Step 1: Exporting SQL Server data using SQL Server Management Studio

SQL Server Management Studio (SSMS) will be used to access and extract data from the SQL Server database. The SQL Server infrastructure is managed by SSMS and used as an integrated environment across SQL Server, Azure SQL Database, Azure SQL Managed Instance, and other Microsoft SQL products. SSMS can be used to do everything from access, configure, manage, and administer the databases hosted within SQL Server. We will use SSMS to export the data into a Comma Separated Values (CSV) file before outputting it to a GCS Bucket. 

Before we get to exporting the CSV, we need to ensure that SQL Management Studio is installed. Once it is installed, we will carry out the following steps:

  1. Launch SQL Server Management Studio and connect your Microsoft SQL Server instance.
  2. From the Object Explorer window, select the database you want to export. Once selected, you can then right-click on the Tasks context menu. From the sub-menu, choose Export Data to export the table in CSV.
  3. After selecting Export Data, you will see the SQL Server Import and Export Wizard window appear. From here you will click on the Next button. In the next window, choose the data source you want to copy from the drop-down menu.
  4. For the data source, you will choose SQL Server Native Client. 
  5. Next, select a SQL Server instance.
  6. Under Authentication, select “Use Windows Authentication”.
  7. Select the database you want to copy under the Database option.
  8. Click on Next after filling out the inputs.
  9. In the Choose a Destination window that appears, go to the Destination drop-down box and select Flat File Destination so data can be copied from the SQL Server to CSV.
  10. Now, create a name for the CSV file where the data will be written in the File name field, then click on Next.
  11. In the window that appears next, you will choose the Copy data from one or more tables or views option and click Next.
  12. The next screen to appear will be the Configure Flat File Destination screen.

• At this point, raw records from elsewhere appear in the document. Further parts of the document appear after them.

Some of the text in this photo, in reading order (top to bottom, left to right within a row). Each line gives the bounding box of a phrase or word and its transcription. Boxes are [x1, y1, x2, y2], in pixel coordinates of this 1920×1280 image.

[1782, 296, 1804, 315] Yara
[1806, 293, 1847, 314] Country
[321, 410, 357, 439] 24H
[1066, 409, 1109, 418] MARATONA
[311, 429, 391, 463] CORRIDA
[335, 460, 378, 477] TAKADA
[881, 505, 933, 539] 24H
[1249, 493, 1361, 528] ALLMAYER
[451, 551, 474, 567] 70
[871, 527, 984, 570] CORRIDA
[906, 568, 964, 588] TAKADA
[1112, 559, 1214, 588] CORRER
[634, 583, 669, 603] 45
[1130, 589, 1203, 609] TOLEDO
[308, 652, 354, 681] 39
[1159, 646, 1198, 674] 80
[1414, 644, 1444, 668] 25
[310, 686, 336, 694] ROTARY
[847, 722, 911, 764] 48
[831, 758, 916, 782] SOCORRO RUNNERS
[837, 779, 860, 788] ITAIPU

From here you will choose the table you want to export from the Source table or view options. Once selected, click Next.
  13. On the Save and Run Package window that appears you will click Next since there is nothing to change.
  14. The Complete Wizard that appears next shows a breakdown of all your selections during the entire exporting process. Ensure that your options are correct and accurate before proceeding to click on the Finish button. Once clicked, the Wizard will start exporting the SQL server database to CSV. 

After the exporting process, you are alerted if the export was successful or not on the next window that comes up. If the export is successful, your CSV file will be found in the file destination that was specified for export.

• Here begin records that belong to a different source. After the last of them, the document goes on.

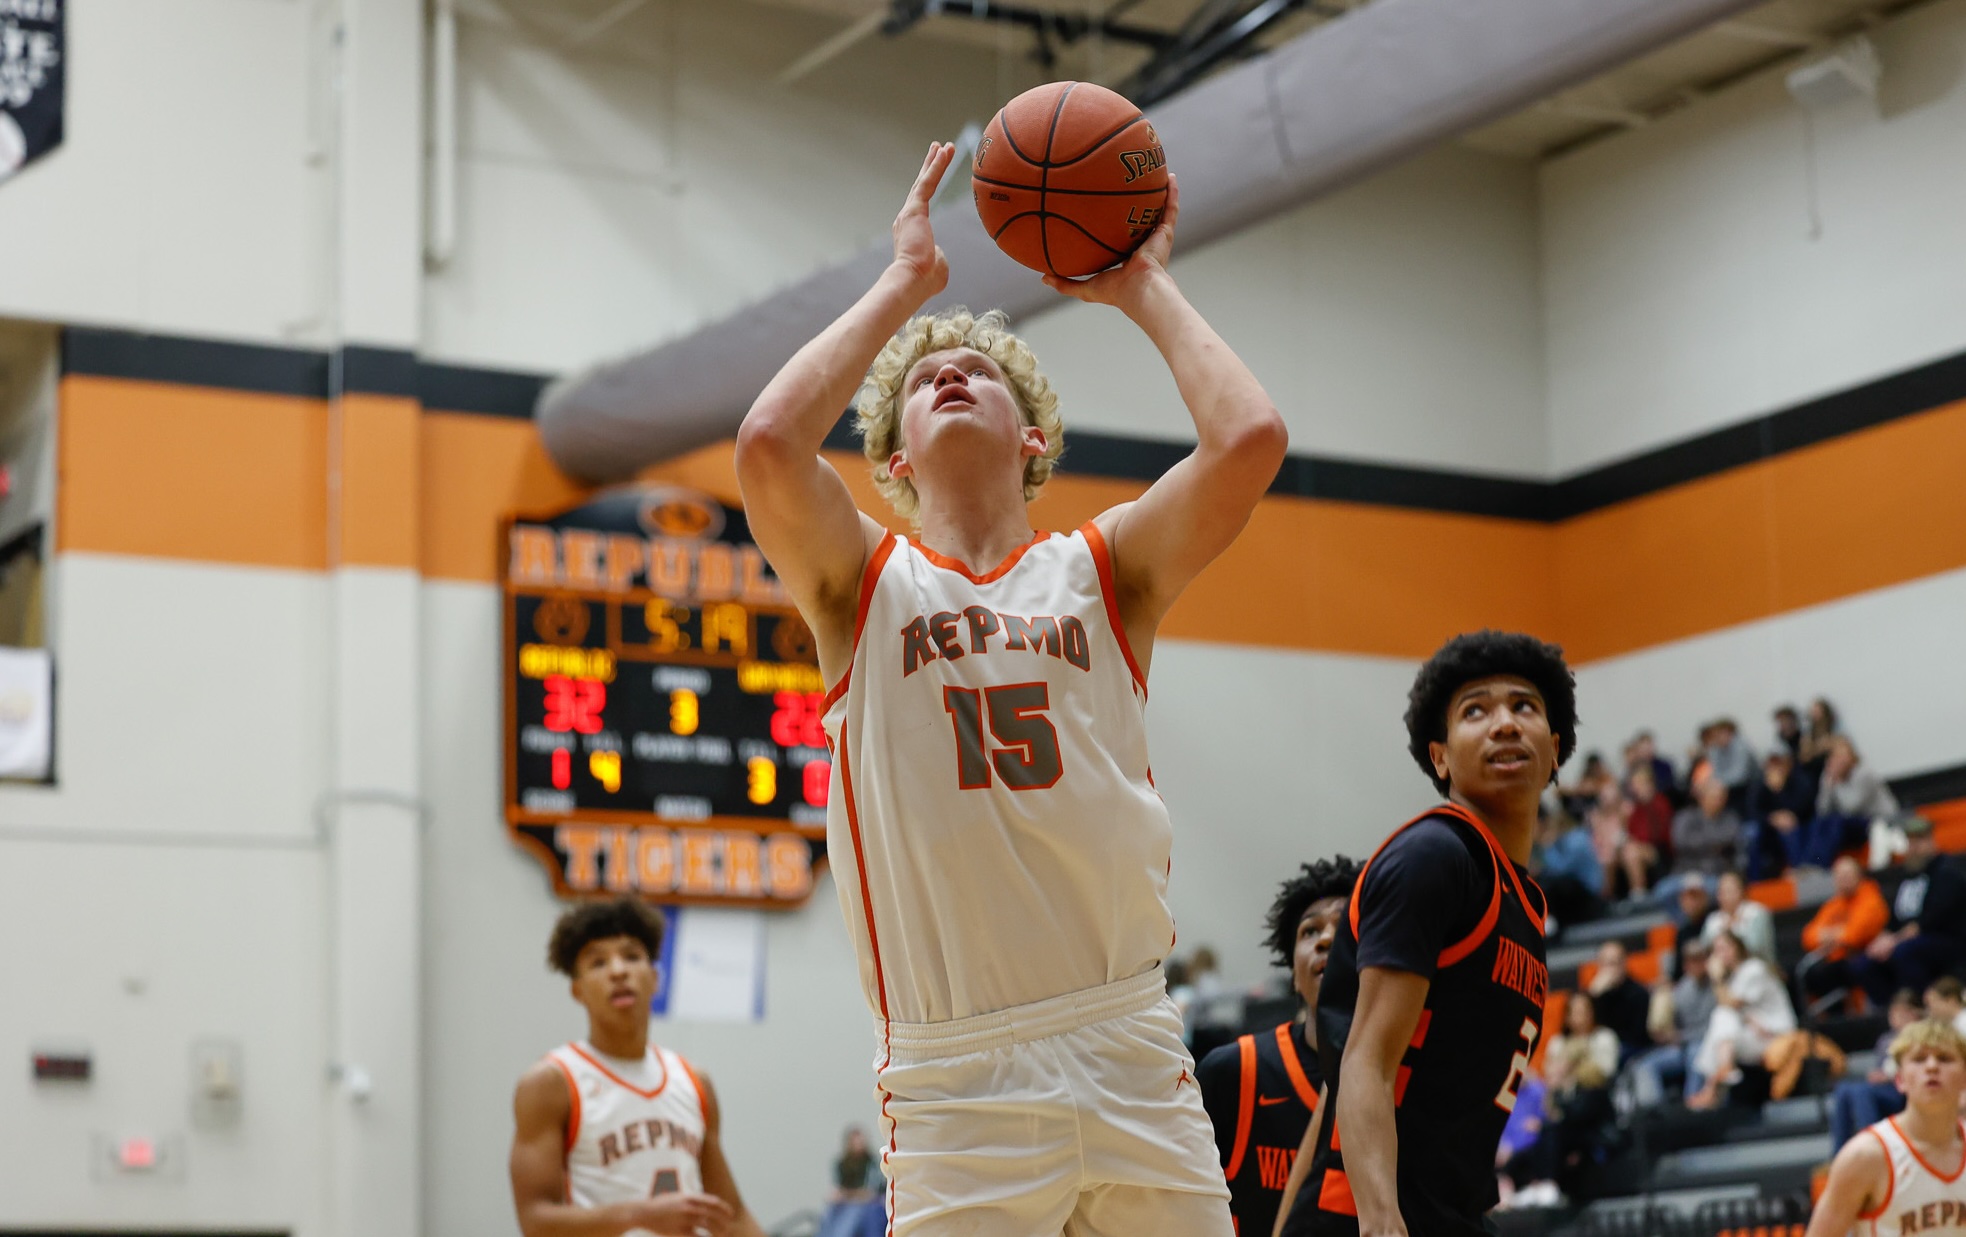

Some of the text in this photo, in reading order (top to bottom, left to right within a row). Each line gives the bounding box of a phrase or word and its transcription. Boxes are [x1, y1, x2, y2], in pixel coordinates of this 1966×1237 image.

[511, 528, 794, 605] REPUBL
[901, 605, 1090, 678] REPMO
[543, 674, 606, 735] 32
[669, 688, 699, 737] 3
[943, 681, 1064, 791] 15
[552, 747, 571, 790] 1
[747, 756, 777, 806] 3
[555, 826, 812, 897] TIGERS
[1494, 1015, 1540, 1114] 2

Step 2: Upload the CSV file to Google Cloud Storage (GCS)

Having completed the process of exporting your SQL Server data to the CSV file, the next phase is the transfer or uploading of the CSV file to Google Cloud Storage (GCS) from the local filesystem. There are numerous ways to get this done including through the console, command line, client libraries, Terraform, and REST APIs. In this article, we will look at the first two methods mentioned here, uploading via the console and command line.

Before going ahead to describe the process involved in the two methods, let us first create a GCS Bucket to store the data in. An GCS Bucket is a basic container that will hold all the data in Google Cloud Storage. The bucket will be where the CSV file will be uploaded to. If you already have a bucket created that you want to use you can skip the creation and move to the next step.

Creating a bucket

To create the bucket using the GCP Console, do the following:

  1. In the Google Cloud Console, go to the Cloud Storage Buckets page.
  2. Open the bucket creation form by clicking Create bucket.
  3. Enter the information you wish to give the bucket and click on Continue after completing each step. The information to be input includes:
  1. Enter a Name for the bucket
  2. Choose the Region for Location type and “us-east1” for Location (or the region that is closest to you).
  3. Choose Standard for the default storage class.
  4. Choose Uniform for Access control.
  5. Uncheck Enforce public access prevention on this bucket so you can share your objects.
  6. Choose None for protection tools.
  1. Click on Create.

After you’ve clicked create, the bucket will have been created on Cloud Storage to hold your CSV data. Next, we can proceed on how to upload data to Google Cloud Storage.

Using the GCP Console to upload data to Google Cloud Storage

To use the GCP Console to upload an object to a bucket, you’ll need to complete the following steps.

  1. In the Google Cloud Console, go to the Cloud Storage Buckets page.
  2.  In the list of available buckets, select the bucket you wish to upload the object.
  3. In the Objects tab, you can do either of the following to add the file:
  1. Drag and drop the desired file from your desktop or file manager depending on where your file is stored to the main pane in the Google Cloud console.
  2. Click the Upload files button, and a dialog box appears from which you will select the files you want to upload. Click on Open after the selection.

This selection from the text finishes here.